Why monitoring server estates from a single pane of glass is key

single pane of glass monitoring

The last few years have seen a big change in the size, make-up, and nature of database estates. Data is growing both in volume and complexity, it is now normal to have workloads as well as data in multiple public clouds, and organizations are increasingly using different kinds of databases for different use cases.

This trend towards hybrid environments highlights the need for database professionals to monitor their server estates so that they can see everything from local servers and virtual machines to cloud instances and services, whatever the database type or platform. Having one single view of a hybrid environment is key to keeping processes running efficiently, simplifying management, and proactively resolving issues faster and easier.

The challenge they face is the requirement to capture and monitor metrics that are unique to particular cloud service providers and RDBMS platforms, and continue to monitor on-premises metrics. All while keeping a consistent experience across platforms and allowing DBAs and developers to drill down into details when necessary.

Data professionals also need to know how to identify and diagnose issues that are specific to each cloud provider. This is further complicated because some basic aspects of monitoring are obsolete with cloud services, and many other aspects remain but are different.
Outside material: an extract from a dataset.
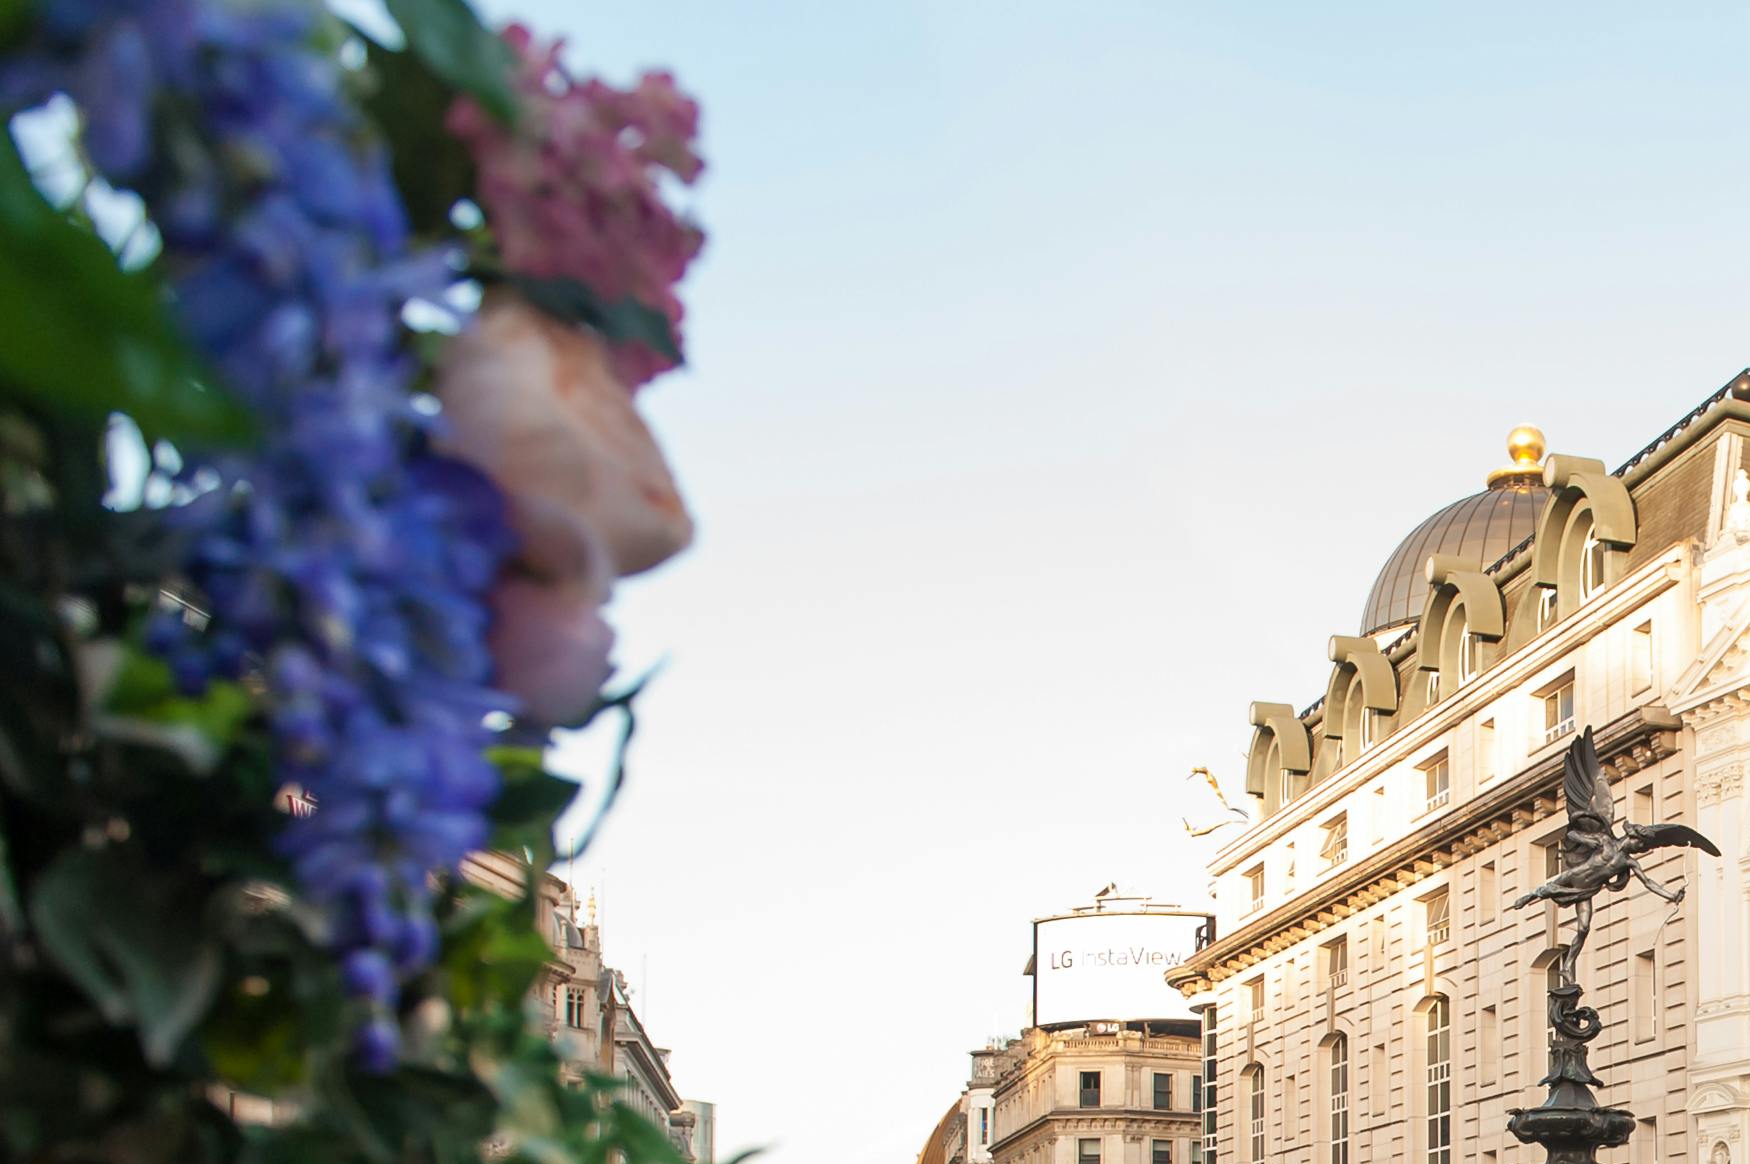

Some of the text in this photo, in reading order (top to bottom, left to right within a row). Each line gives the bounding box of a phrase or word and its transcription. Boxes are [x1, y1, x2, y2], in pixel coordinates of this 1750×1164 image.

The cloud service chosen will in part determine the subsequent responsibilities of database professionals. If, for example, a PaaS offering like Microsoft Azure DB or a Managed Instance such as Amazon RDS is selected, there will be no need to manage backups. However, there will still be a requirement for real-time monitoring and ensuring ongoing performance, and information about which metrics to monitor or tune will be different for each cloud service provider.

This might prompt a temptation to monitor on-premises estates and cloud environments separately, but the approach may not be practical, given the limited resources most organizations are now coping with. There is little time to spend learning how to use multiple tools or go into different tools to collect and analyze information and metrics from several disparate sources regularly.

The advantages of single pane of glass monitoring

Instead, it is better to have an instant overview of every database and instance, wherever they are hosted, in one place, at one time, presented in the same way. Hence the growing expectation for monitoring tools to come with out-of-the-box monitoring capabilities for the metrics of leading cloud providers as well as on-premises databases, presented at a glance from a single pane of glass.

They should also offer all of the data needed to analyze and report on the health of an entire database estate in one central location in the same way. This will lead to faster, more accurate diagnoses and, ultimately, better decision-making right across the business. Using a single tool to accomplish this task helps make the job of every data professional far easier by enabling them to be proactive rather than reactive.

The advantages of Redgate Monitor

This is where a tool like Redgate Monitor can help. Redgate Monitor allows organizations to manage their entire SQL Server and PostgreSQL estate from a single pane of glass. Offering a global overview from a central web-based interface, it lets users see all of their SQL Server and PostgreSQL instances, availability groups, clusters, and virtual machines in one place, regardless of location or restrictions.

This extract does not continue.